UNICEF, the United Nations International Children’s Emergency Fund, released a study today that addresses school closures around the world. Its verdict: Keeping children at home is causing significant, long-lasting harm, and has not been effective in curbing the spread of the virus.
“Unless the global community urgently changes priorities, the potential of this generation of young people may well be lost,” UNICEF warned.
The biggest effect of the pandemic on young people involves poverty, according to UNICEF. About 140 million kids are now living in poverty because of the pandemic.
But the next biggest effect of Covid-19 on kids is the fact that their schools have been closed to in-person learning. The peak of pandemic-related school closures affected close to 90 percent of students around the world, with more than 111 million students residing in the least developed countries.
When school buildings cannot support in-person instruction in the US, many districts use e-learning or a hybrid of e-learning and in-person instruction. This has brought another problem into the spotlight: the unequal access kids and their families have to broadband internet.
Just yesterday, as I walked into a Burger King near my home, I saw three high school-aged students sitting at a table outside the restaurant. They were there to use the WiFi, because they did not have access to WiFi in their homes. I asked them what they did when it rained, and they told me they are able to go inside the restaurant to attend their virtual classes.
Around the country and world, though, the “uneven access to digital learning resources and parental support are amplifying the digital divide and inequalities among young people,” UNICEF’s report states.
Editorial
As an educator, I am 100 percent sure we will be able to catch kids up in math for the learning they lose during the pandemic.
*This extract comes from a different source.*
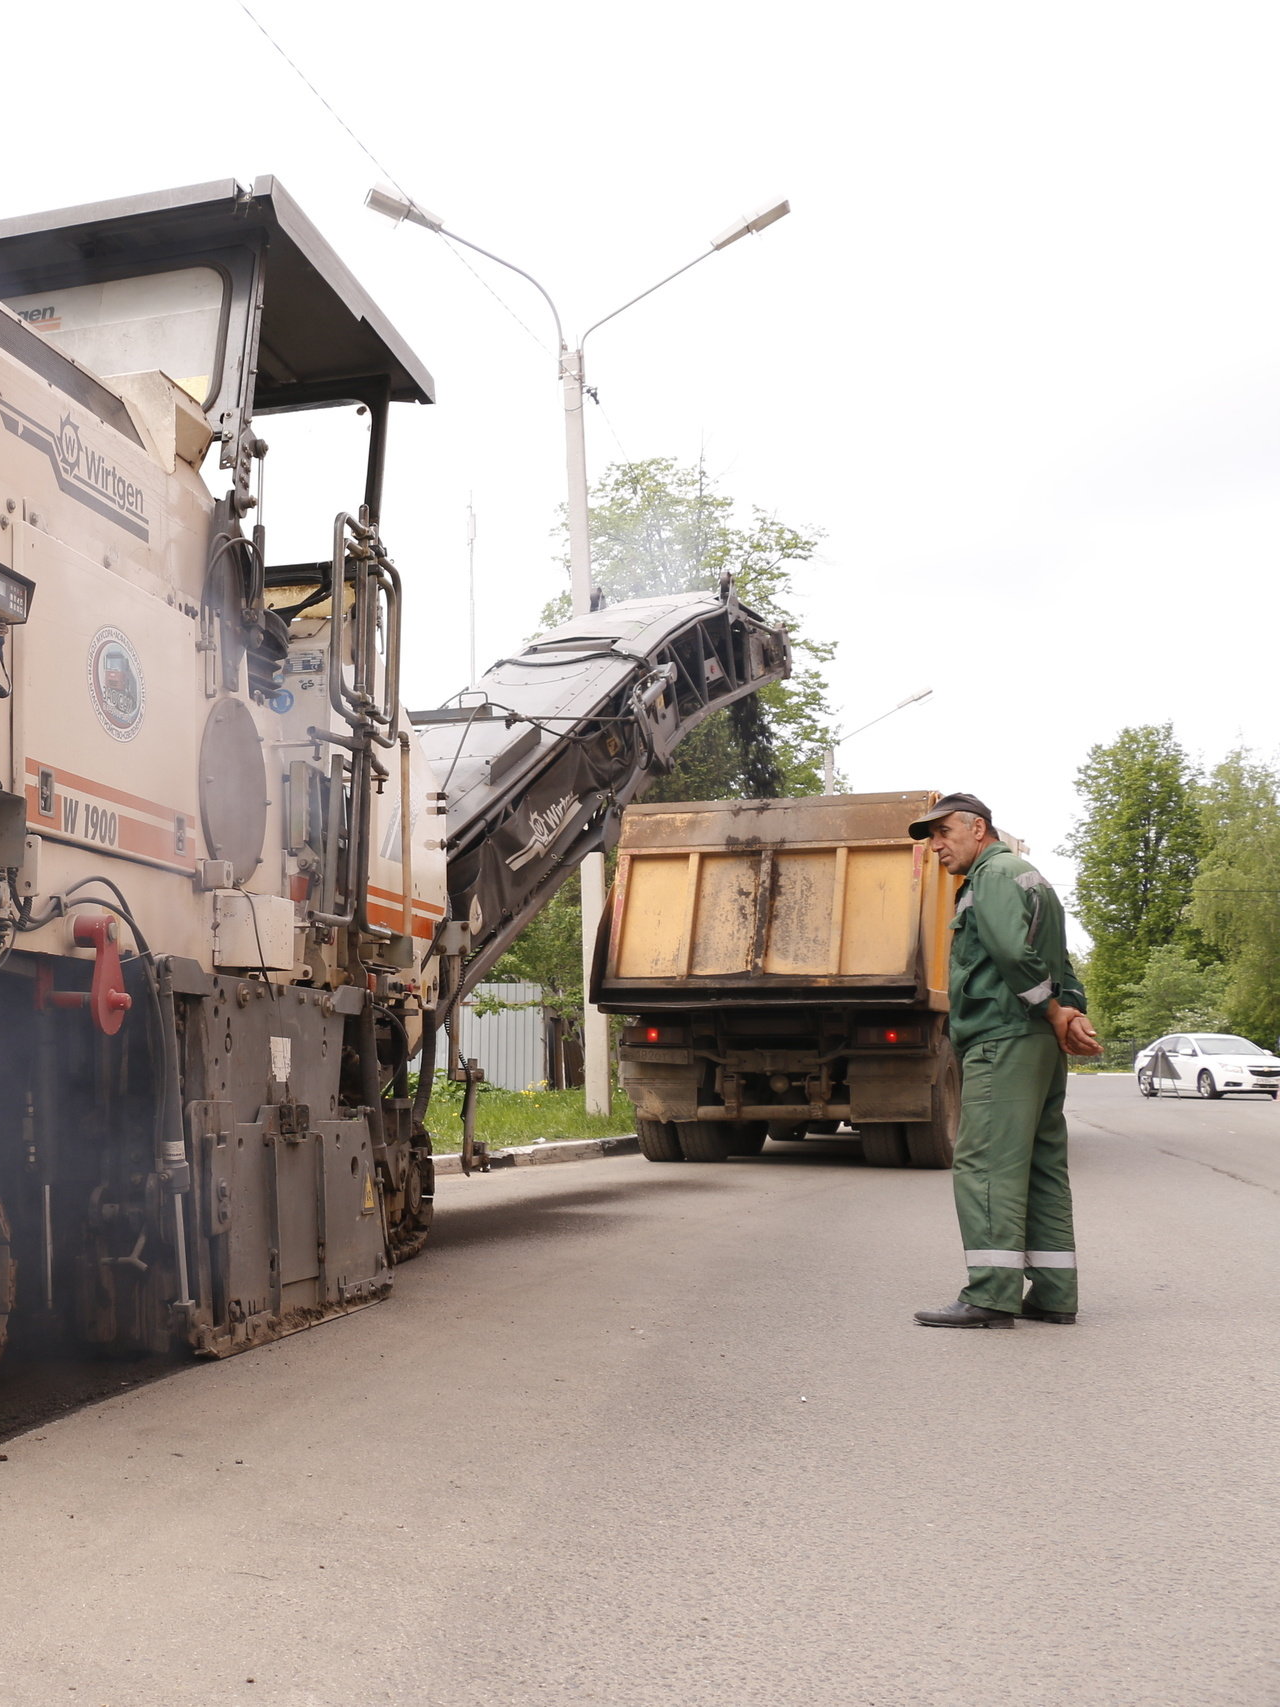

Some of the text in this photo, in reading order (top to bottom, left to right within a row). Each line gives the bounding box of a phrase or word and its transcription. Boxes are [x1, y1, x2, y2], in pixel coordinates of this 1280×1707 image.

I am 100 percent sure we’ll be able to make up for what they are losing due to the ineffectiveness of e-learning, compared with in-person instruction, which is what our school curricula assumed would happen when learning projections and trajectories were adopted by states or districts.
In that sense, then, putting the lives of teachers, lunch ladies, bus drivers, other paraprofessionals, and their families at risk is a tough call, especially given inconsistent enforcement or even understanding of safety protocols in the US and in our school districts.
I am also 100 percent in favor of using technology in the classroom and outside the classroom to supplement learning. But accessing material online is very different from learning online. Participating in a business meeting where spreadsheets and screenshots are exchanged is very different from the social learning that takes place when kids bounce ideas off each other in a vibrant classroom discussion. A raised hand or smily face in a chat window on Zoom is very different from the light in a kid’s eyes when something clicks.
This is why e-learning doesn’t work, not to mention the increased demand the pandemic has put on our mental health facilities and specialists. A UN policy brief entitled “COVID-19 and the Need for Action on Mental Health” shows that almost three-fourths of mental health services for children and adolescents are disrupted because of the pandemic, mostly because those services are typically delivered through school-based mental health professionals.
The lack of access to mental health professionals has been made worse by children missing out on peer support and many big moments in their lives (starting high school, Homecoming, graduation ceremonies, fine arts performances, sports activities, and so on) that are all tied to their schools.
Some students are trying to fill in the gaps. Just to my south, in Anne Arundel County, Maryland, students have produced a 90-minute online discussion about coping with mental health issues during the pandemic, WBAL-TV reports.
The Anne Arundel County Mental Health Agency’s Community Warmline has experienced a 50 percent increase in call volume during the months of September and October, compared to the same period a year ago.
States have also been rendered less able to track student progress, as statewide exams used for federal accountability purposes have largely been cancelled. And even if those exams can be given this spring, it is unclear what they will show, given the learning loss now occurring, especially in economically disadvantaged students, due to the pandemic.
“Whether it’s the instant loss of income that so many parents face as a result of COVID‑19 or the austerity measures that may follow, children and us young people are currently and will bear the brunt of this pandemic long after the virus itself has been eradicated,” said Djibouti Haissama on the Voices of Youth blog.
Since 1990, World Children’s Day, which is celebrated on November 20, has marked the anniversary of the date that the UN General Assembly adopted both the Declaration and the Convention on children’s rights.